▶ **RECORDS SHOWN**
%%

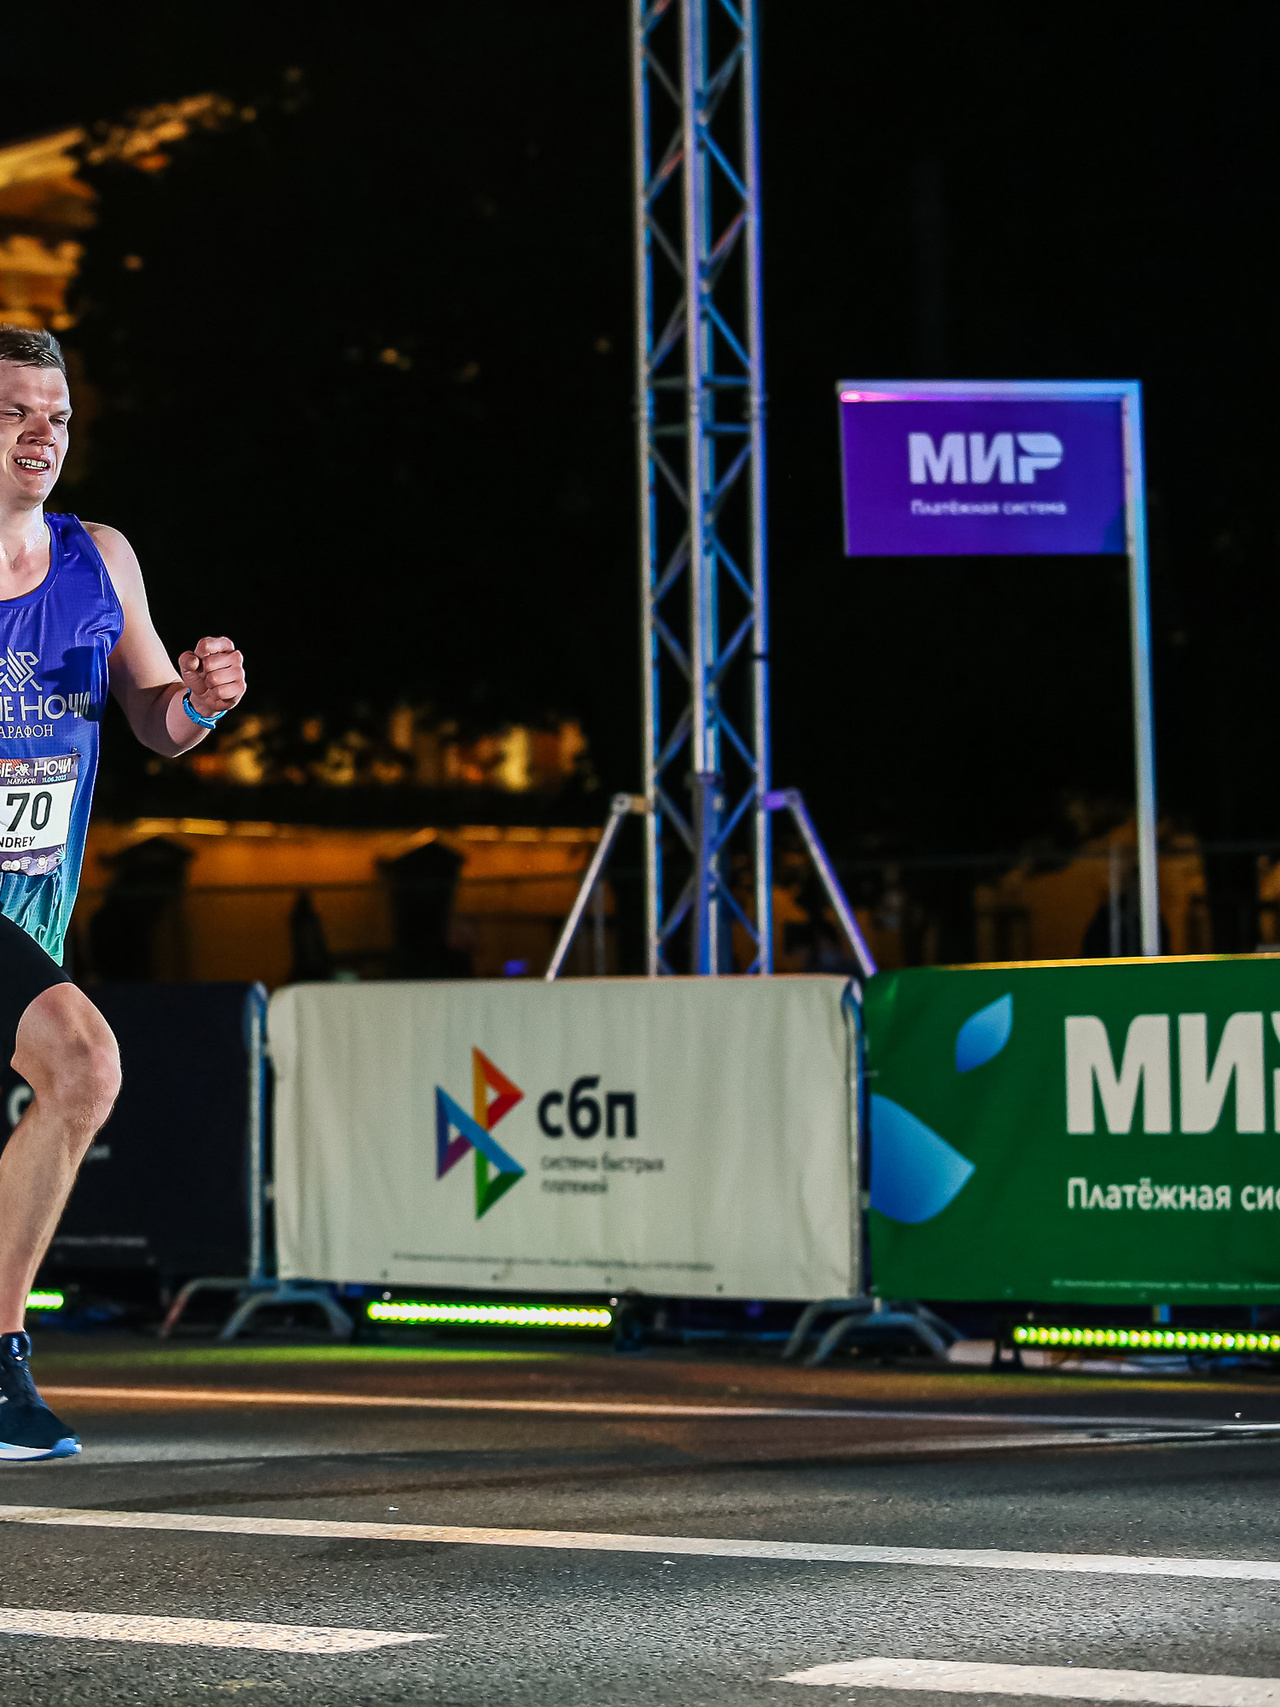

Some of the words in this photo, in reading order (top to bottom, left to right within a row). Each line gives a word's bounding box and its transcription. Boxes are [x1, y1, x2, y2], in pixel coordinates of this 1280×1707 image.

[908, 431, 1064, 484] МИР
[20, 691, 91, 721] НОЧИ
[33, 757, 72, 777] НОЧИ
[1064, 1011, 1280, 1135] МИ
[1067, 1177, 1232, 1211] Платёжная

%%

▶ **TASK DETAILS**
Now write out the data word for word, skipping every picture in it.

▶ **OUTPUT OF THE EXERCISE**
Some of the words in this photo, in reading order (top to bottom, left to right within a row). Each line gives a word's bounding box and its transcription. Boxes are [x1, y1, x2, y2], in pixel coordinates of this 1280×1707 image.

[908, 431, 1064, 484] МИР
[20, 691, 91, 721] НОЧИ
[33, 757, 72, 777] НОЧИ
[1064, 1011, 1280, 1135] МИ
[1067, 1177, 1232, 1211] Платёжная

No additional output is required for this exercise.